Ald. Raymond Lopez (15th) was placed under guard Monday by the Chicago Police Department after a street gang made a “credible threat” against him, sources said.

Over the past week, Lopez has angrily voiced his opposition to the street gangs suspected of several high-profile shootings in his Southwest Side ward, including two officers who were wounded last week and 11 people shot — three fatally — on Sunday.

Lopez’s home and office are being watched by officers because of a threat attributed to the Satan Disciples, sources said. Members of the gang were the targets of Sunday’s shootings in the Brighton Park neighborhood, according to police.

Lopez declined to comment on the threat before speaking at a community rally with police officials and community organizers on Monday evening at the corner of 46th Place and Rockwell, where Sunday’s shooting happened.

“Nothing that people throw my direction can compare to what my residents face on a daily basis,” he said.

Ald. Raymond Lopez (15th) wants to make it easier to return some dogs and cats to their owners without having to take them to the city shelter first. | Ashlee Rezin/Sun-Times

Ald. Raymond Lopez (15th) speaks during an “Operation Wake-Up” community rally to stop the violence near the corner of Rockwell Street and 46th Place, where 10 people were shot, two fatally, Monday evening, May 8, 2017. | Ashlee Rezin/Sun-Times

The rookie alderman has maintained a high profile since he was elected in 2015.

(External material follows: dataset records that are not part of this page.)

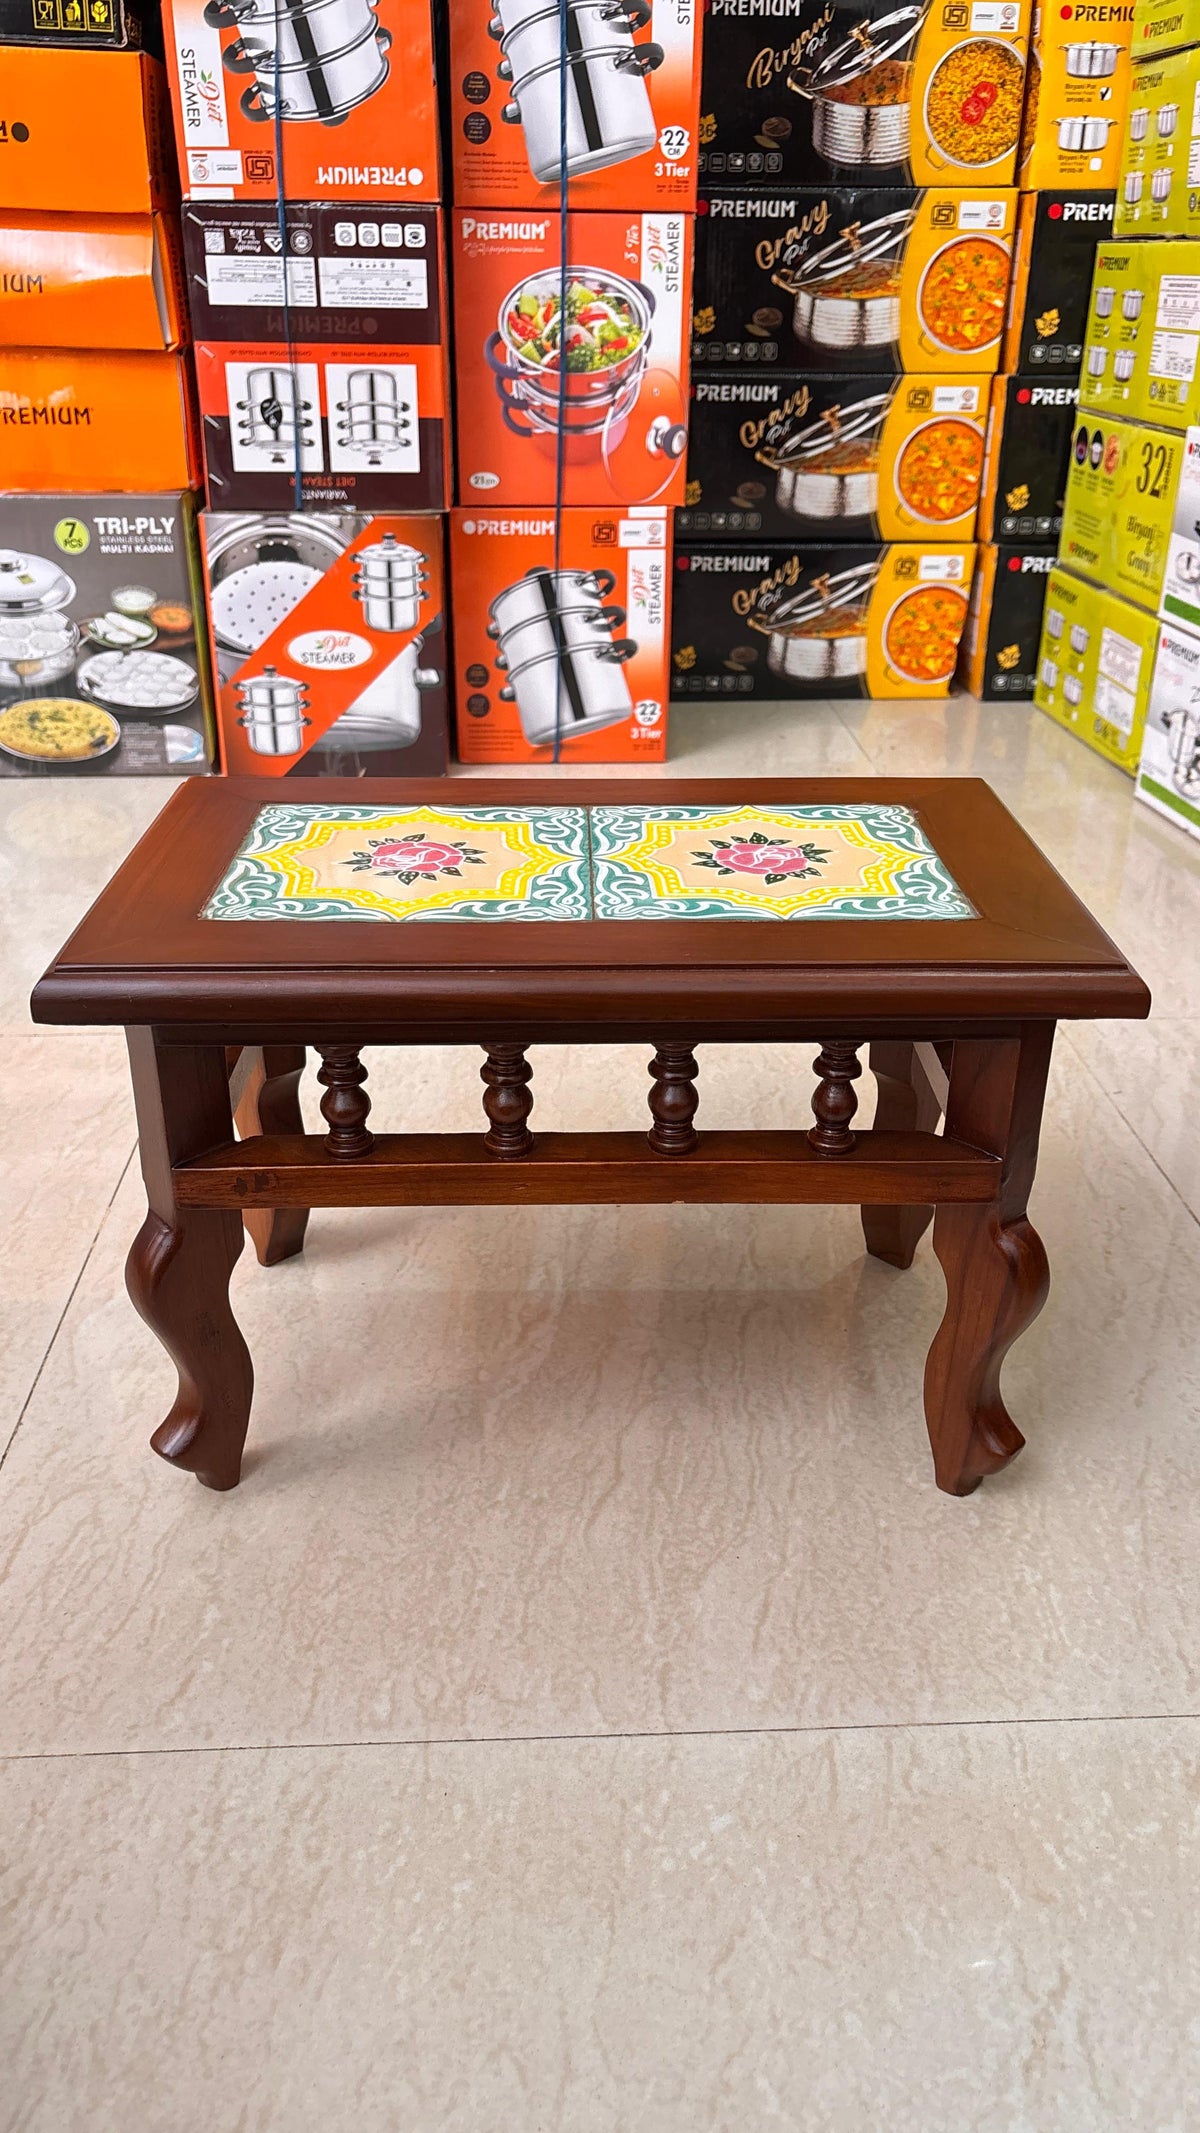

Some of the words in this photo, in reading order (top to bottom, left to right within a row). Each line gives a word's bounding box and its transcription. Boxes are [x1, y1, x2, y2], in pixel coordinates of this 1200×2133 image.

[711, 0, 800, 16] PREMIUM
[1149, 14, 1184, 38] PREMIUM
[746, 2, 836, 89] Biryani
[805, 28, 829, 57] Pot
[181, 48, 201, 128] STEAMER
[198, 79, 224, 129] Diet
[664, 129, 685, 147] 22
[318, 166, 408, 186] PREMIUM
[709, 199, 796, 218] PREMIUM
[1063, 203, 1113, 221] PREM
[462, 217, 546, 240] PREMIUM
[755, 200, 832, 270] Gravy
[646, 222, 668, 263] Diet
[665, 221, 680, 293] STEAMER
[3, 274, 43, 293] IUM
[695, 383, 779, 402] PREMIUM
[1031, 387, 1080, 406] PREM
[739, 385, 813, 449] Gravy
[1136, 441, 1167, 498] 32
[288, 477, 334, 487] STEAMR
[65, 522, 77, 538] 7
[93, 517, 175, 535] TRI-PLY
[477, 519, 556, 536] PREMIUM
[64, 538, 83, 548] PCS
[100, 535, 145, 544] STAINLESS
[147, 535, 174, 544] STEEL
[100, 544, 133, 554] MULTI
[689, 555, 771, 572] PREMIUM
[648, 564, 662, 624] STEAMER
[731, 555, 804, 616] Gravy
[301, 651, 356, 664] STEAMER
[640, 703, 657, 716] 22

He went toe-to-toe with Mayor Rahm Emanuel in calling for every penny of unclaimed property-tax rebate money be used to fight crime, but later backed off of that demand.

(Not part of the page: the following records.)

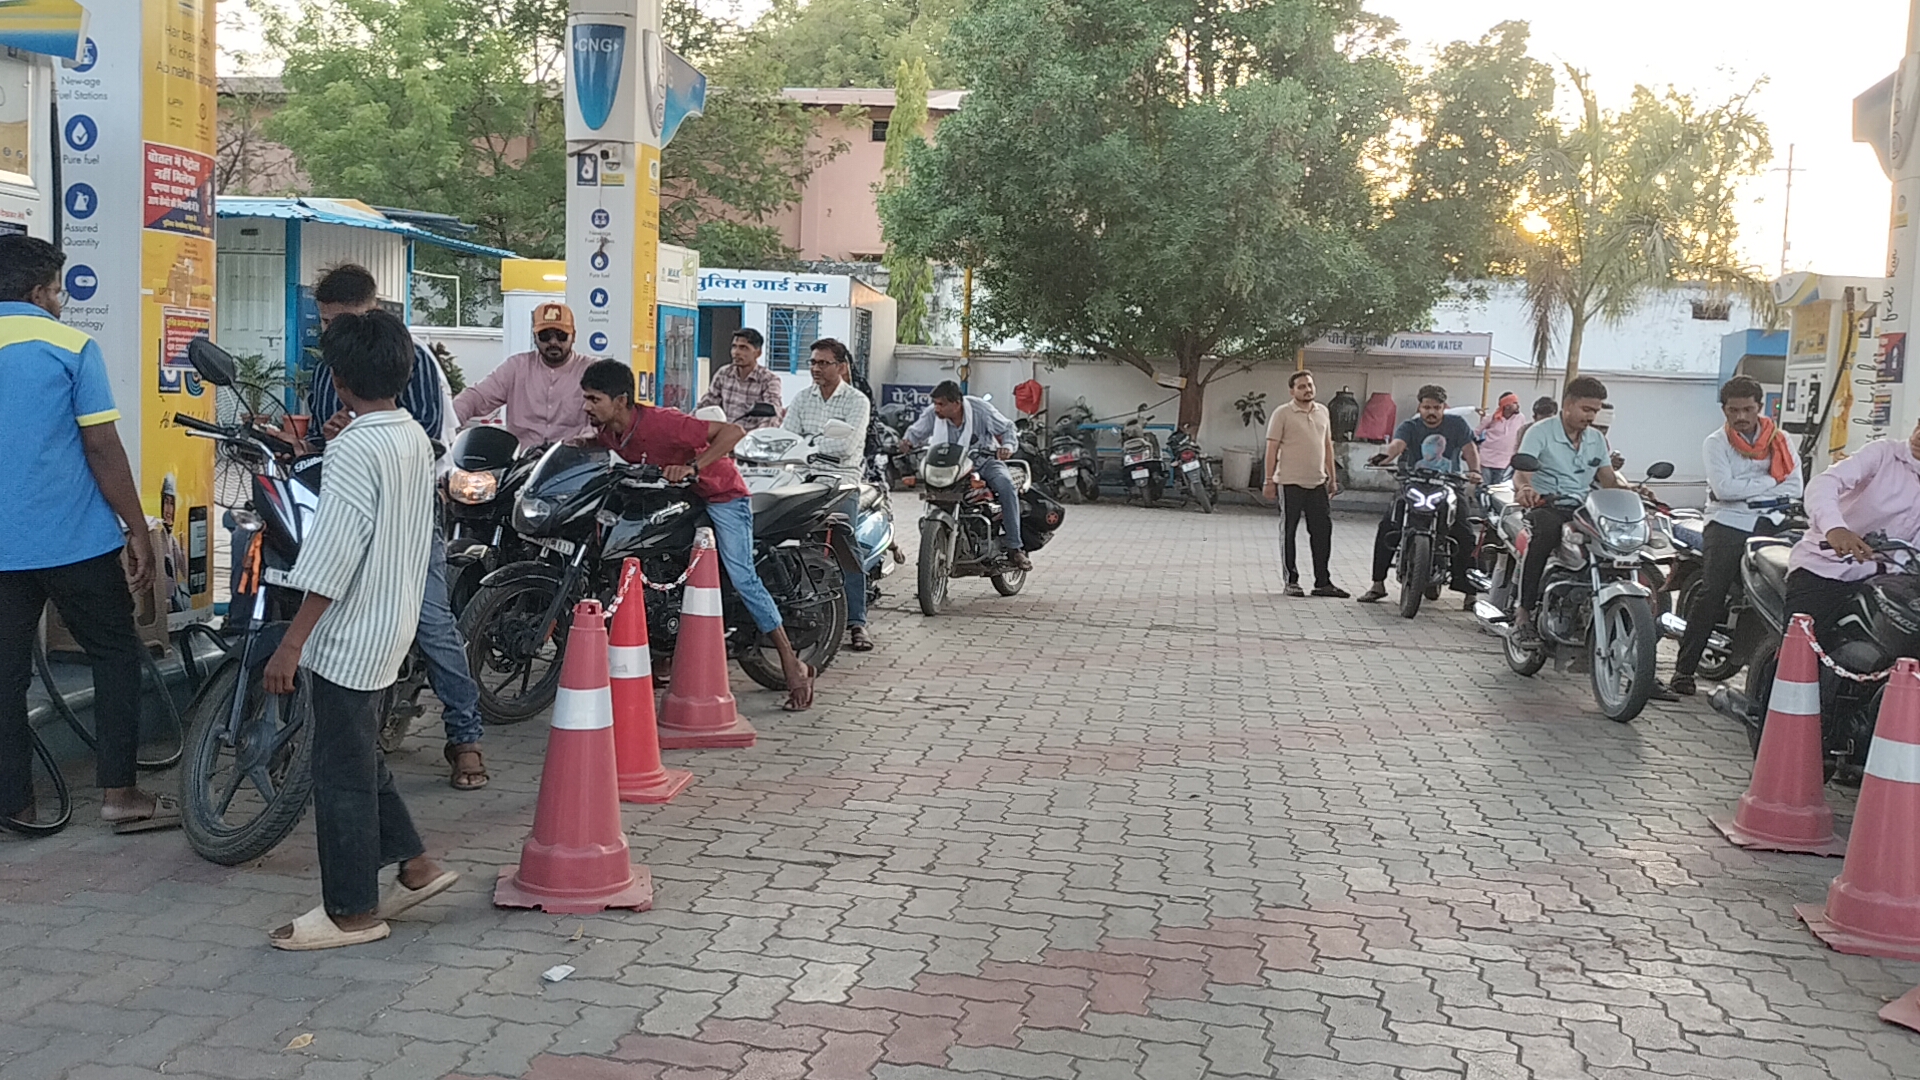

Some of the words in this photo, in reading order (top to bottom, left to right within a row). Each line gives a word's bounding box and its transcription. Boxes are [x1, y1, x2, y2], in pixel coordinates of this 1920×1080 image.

[578, 38, 613, 52] CNG
[61, 76, 101, 88] New-age
[74, 90, 108, 100] Stations
[63, 155, 82, 165] Pure
[84, 154, 100, 165] fuel
[64, 223, 98, 233] Assured
[62, 236, 100, 250] Quantity
[752, 277, 791, 291] गार्ड
[794, 281, 828, 294] रूम
[1400, 338, 1436, 350] DRINKING
[1438, 340, 1464, 350] WATER
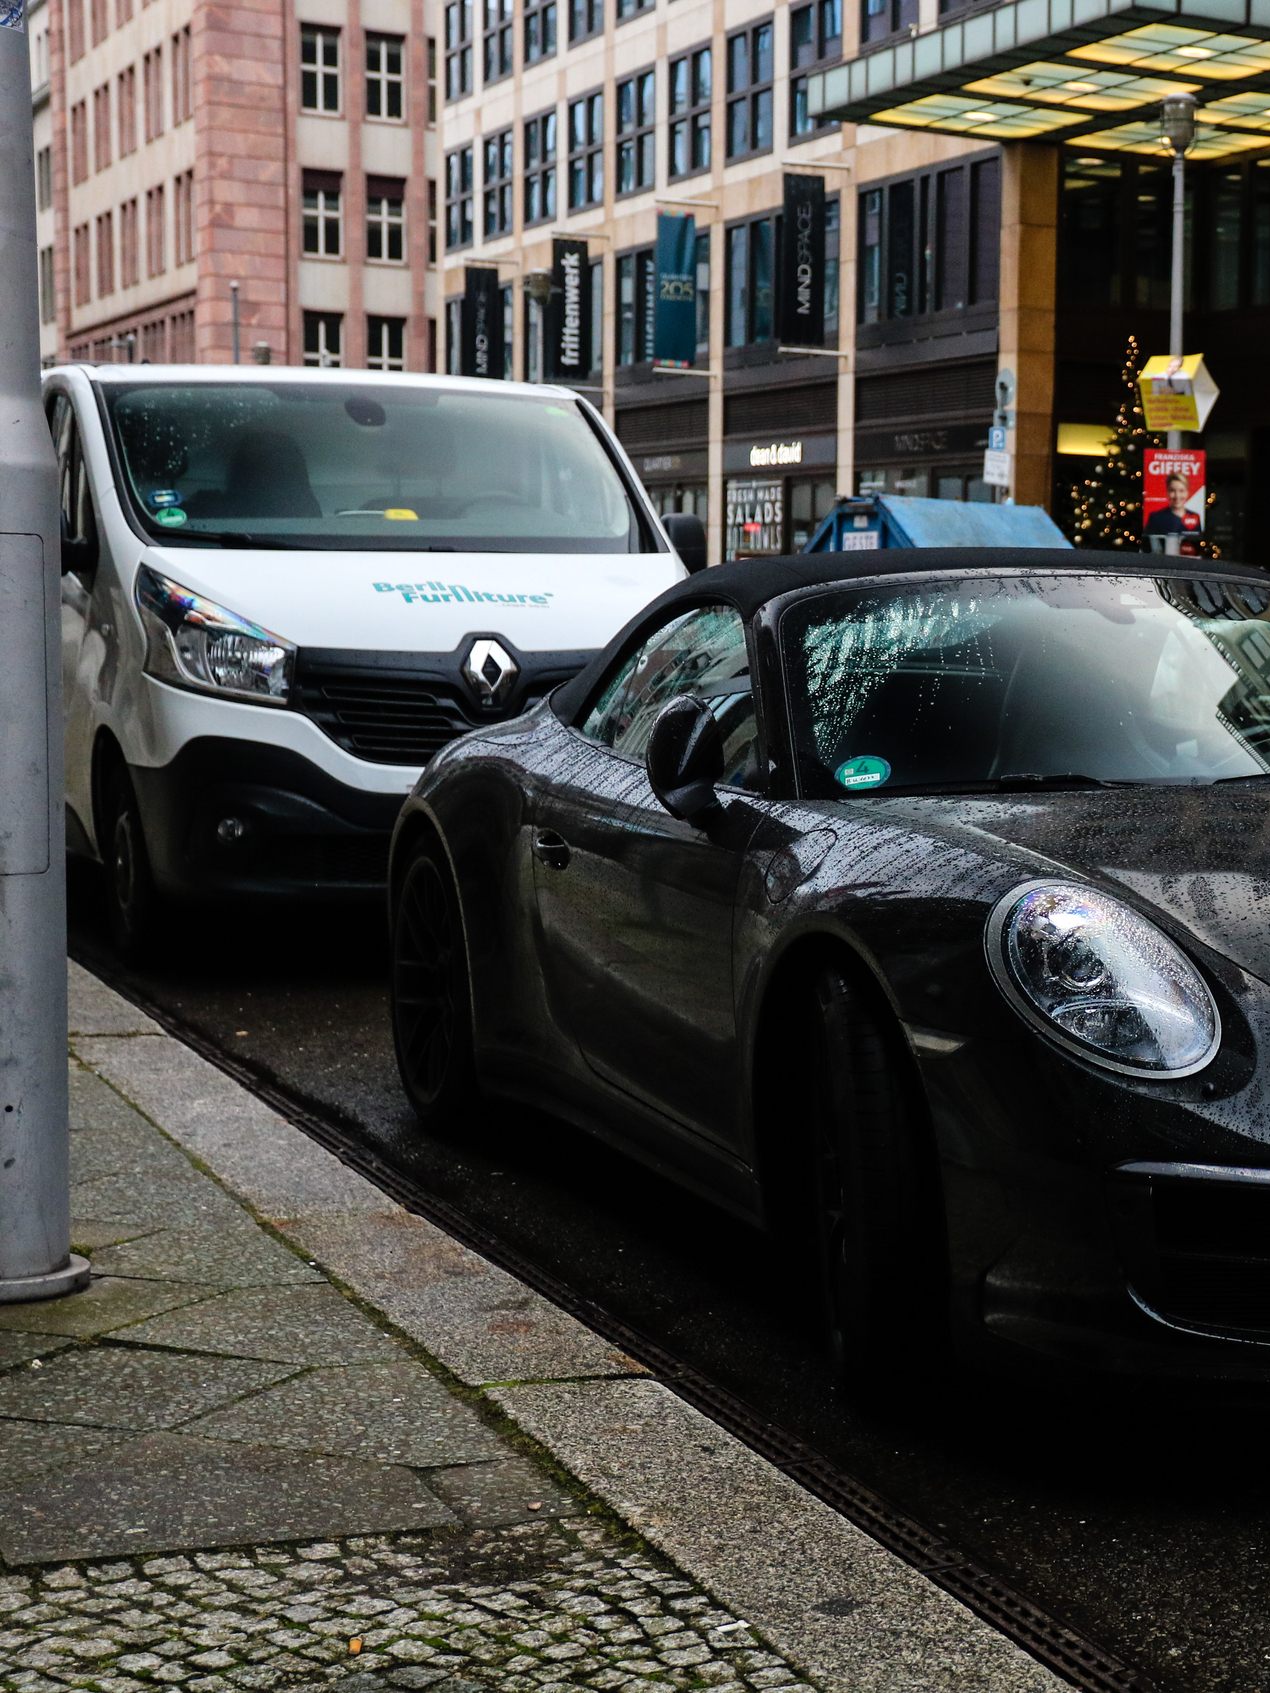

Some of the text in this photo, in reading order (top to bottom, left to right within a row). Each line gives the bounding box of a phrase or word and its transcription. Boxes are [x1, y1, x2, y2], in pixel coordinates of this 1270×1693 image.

On Sunday, he told reporters he was “thankful today that no innocent lives were lost” in the Brighton Park shootings, a slap in the face of the Satan Disciples whose members were killed.

Two people who identified themselves as relatives of the people shot dead on Sunday afternoon began shouting over Lopez as he spoke at the close of Monday’s rally, which drew more than 100 neighborhood residents.

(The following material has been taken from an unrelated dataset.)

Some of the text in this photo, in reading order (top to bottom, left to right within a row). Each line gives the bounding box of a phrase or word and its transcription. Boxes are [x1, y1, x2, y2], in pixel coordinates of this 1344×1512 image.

“They’re not animals!” a woman yelled. “They were people. They mattered and you’re talking about them like s—!”

“That could’ve been my baby!” another woman yelled at her.

“That was my family! They mattered!” the first woman retorted before walking away from the rally.

Police said they suspect the Latin Saints street gang was responsible for Sunday’s mass shooting in an attempt to reclaim lost gang territory.

At about 5:15 p.m., masked gunmen armed with assault rifles opened fire at 46th Place and Rockwell, shooting 10 people and killing two of them, a man and a woman.

The victims had been gathered on the street at a makeshift memorial for a 26-year-old man who was killed earlier on Sunday just down the block.

Police knew the memorial could attract more gang violence and officers had driven past it shortly before the mass shooting, said one police source, calling it “brazen.”

The shootings involved assault rifles, police said.


GalleryPolice are now watching for the Satan Disciples to retaliate for Sunday’s shootings. People lighted candles on Monday night in memorials along a row house near the shooting scene.

“This won’t ever end,” a 21-year-old man named Rigo said after the rally. “I had a memorial for my two brothers killed last month. Just a matter of time till the next one.”

Arturo Rodriguez, who has raised three sons with his wife in Brighton Park for 25 years, said he heard the gunfire from Sunday’s shooting.

“It’s really scary. I don’t even like my wife walking far down the block to her car now,” he said.

Deputy Police Supt. Kevin Navarro (left) and Ald. Raymond Lopez speak at the scene where suspected gang members opened fire on a group attending a memorial for a man killed earlier Sunday.

Deputy Police Supt. Kevin Navarro (left) and Ald. Raymond Lopez speak at the scene where suspected gang members opened fire on a group attending a memorial for a man killed earlier Sunday.

Concern over the gang conflicts in Lopez’s ward rose to a new level on May 2 when two plainclothes tactical officers were shot at 43rd and Ashland in the Back of the Yards neighborhood.

Earlier that day, a La Raza member was shot by rivals near 20th and Halsted while riding in a black Nissan, police say. After the victim was taken to the hospital, police let the men in the Nissan drive away. But tactical officers followed them in an unmarked van.

Police supervisors called off the surveillance, but the gang members in the Nissan apparently knew the van was tailing them. They alerted fellow gang members, who shot at the van with a .223-caliber high-powered rifle, authorities say.

One officer was struck in the back and another — the son of a deputy chief — was hit in the arm and hip, police said. The officers were treated at Stroger Hospital and released.

On Monday, Angel Gomez, 18, a reputed La Raza member, was ordered held without bail on charges of attempted murder and attempted battery in the officers’ shootings. Police said they think the gang members thought the officers were members of a rival gang — and not cops.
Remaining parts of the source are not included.